Наш этап так и грузили — человек по сорок в каждый вагон, особой тесноты не было. В обоих концах теплушки — нары, поперечный досчатый настил. На нем расположились воры. Их в моей краснухе ехало шестнадцать лбов. Я и другие фраера устроились внизу. Моих товарищей по камере рассовали по разным вагонам, даже поговорить было не с кем. Я лежал и слушал разговоры блатных.
Молодой вор, низкорослый и худосочный, подробно рассказывал, как они втроем «лепили скачок», брали квартиру. Все у них шло гладко, пока не вернулась из школы хозяйская дочь, десятилетняя девочка. И рассказчику пришлось зарезать ее.
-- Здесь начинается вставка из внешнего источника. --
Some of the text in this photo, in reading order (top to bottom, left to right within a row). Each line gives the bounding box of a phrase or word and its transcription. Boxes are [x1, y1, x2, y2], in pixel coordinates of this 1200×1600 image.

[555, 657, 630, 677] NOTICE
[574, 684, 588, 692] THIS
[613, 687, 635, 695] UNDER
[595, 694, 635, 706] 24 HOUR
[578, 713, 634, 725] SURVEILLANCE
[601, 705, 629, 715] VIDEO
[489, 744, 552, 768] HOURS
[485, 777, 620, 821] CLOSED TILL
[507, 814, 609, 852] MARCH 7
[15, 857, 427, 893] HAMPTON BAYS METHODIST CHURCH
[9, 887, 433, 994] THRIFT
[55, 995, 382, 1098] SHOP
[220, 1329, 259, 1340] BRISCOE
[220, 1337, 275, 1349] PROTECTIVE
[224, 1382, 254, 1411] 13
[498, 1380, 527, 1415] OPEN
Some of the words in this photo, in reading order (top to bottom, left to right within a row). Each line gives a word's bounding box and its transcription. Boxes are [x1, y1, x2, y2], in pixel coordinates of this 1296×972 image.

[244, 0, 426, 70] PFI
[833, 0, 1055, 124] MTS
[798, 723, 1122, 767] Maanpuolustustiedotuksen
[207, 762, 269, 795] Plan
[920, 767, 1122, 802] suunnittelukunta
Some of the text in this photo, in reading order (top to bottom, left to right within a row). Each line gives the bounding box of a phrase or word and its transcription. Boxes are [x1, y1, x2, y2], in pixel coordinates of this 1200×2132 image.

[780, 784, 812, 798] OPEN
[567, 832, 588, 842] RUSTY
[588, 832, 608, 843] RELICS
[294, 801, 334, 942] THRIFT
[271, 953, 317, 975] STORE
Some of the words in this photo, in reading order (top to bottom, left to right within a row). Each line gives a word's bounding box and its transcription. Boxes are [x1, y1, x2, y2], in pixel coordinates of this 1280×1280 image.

Этого слушатели не одобрили. Возможно, теперь критерии изменились, но в те годы ценилась у блатных не сила и жестокость, а мастерство. Не бандиты были самой уважаемой категорией, а карманники — «щипачи». В их деле требовалась и филигранная техника, и артистизм, и отвага. Так что молодой вор, зарезавший девочку, много потерял в глазах своих коллег; да он и сам понял, что совершил — faux pas — не надо было убивать, а если уж так вышло, не стоило этим «хлестаться», хвастать.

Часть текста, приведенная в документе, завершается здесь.